-- PROBLEM --
Print every record exactly, but leave out the pictures.

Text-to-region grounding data
--- START ---
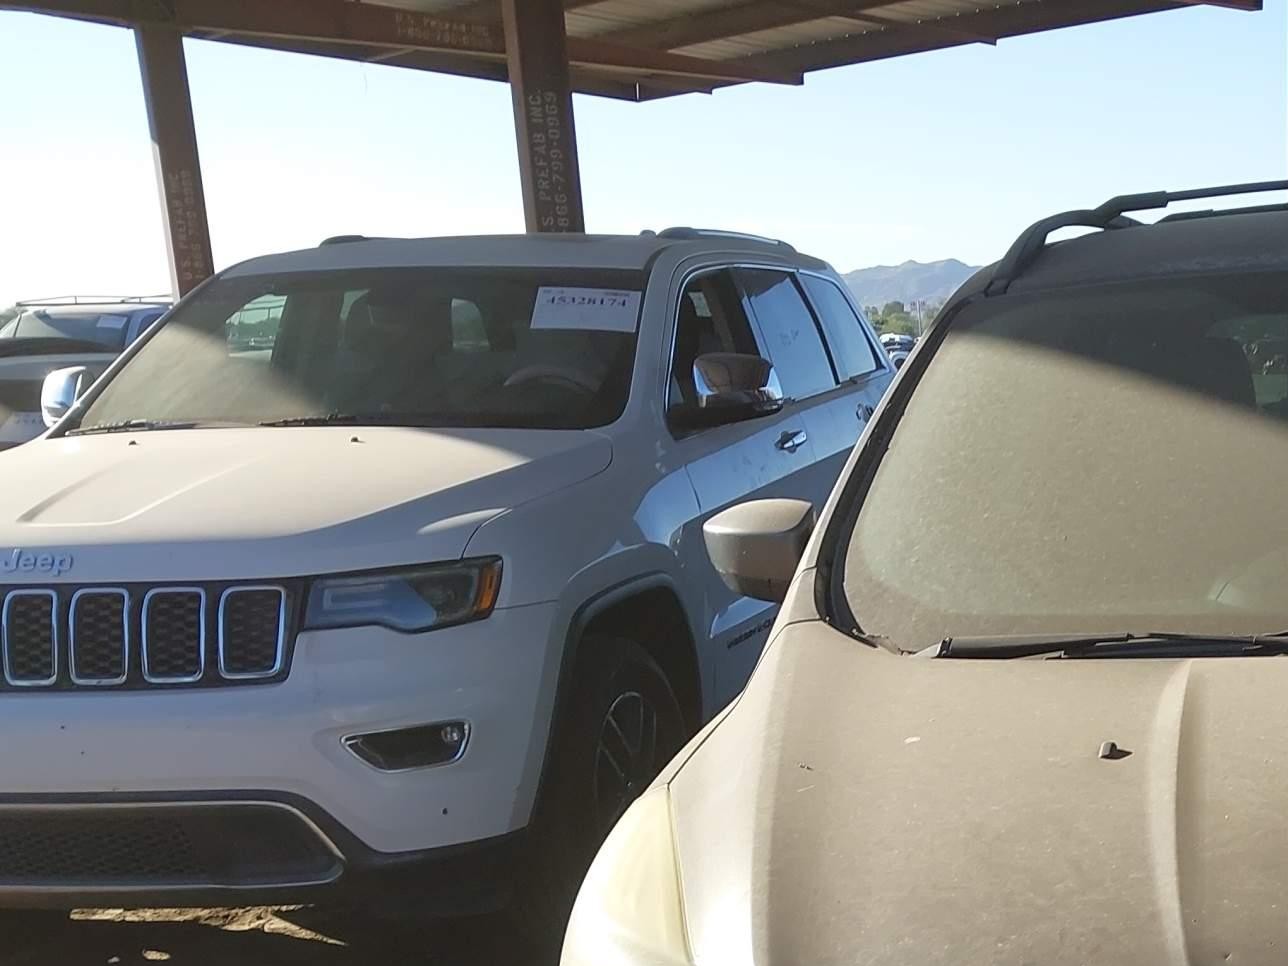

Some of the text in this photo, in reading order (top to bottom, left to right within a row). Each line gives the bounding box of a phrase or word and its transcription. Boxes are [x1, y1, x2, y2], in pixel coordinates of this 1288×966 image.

[528, 89, 544, 122] INC.
[532, 132, 551, 201] PREFAB
[543, 91, 570, 234] -866-799-0969
[2, 548, 74, 577] Jeep
--- END ---
-- COMPLETED TASK --
Some of the text in this photo, in reading order (top to bottom, left to right within a row). Each line gives the bounding box of a phrase or word and its transcription. Boxes are [x1, y1, x2, y2], in pixel coordinates of this 1288×966 image.

[528, 89, 544, 122] INC.
[532, 132, 551, 201] PREFAB
[543, 91, 570, 234] -866-799-0969
[2, 548, 74, 577] Jeep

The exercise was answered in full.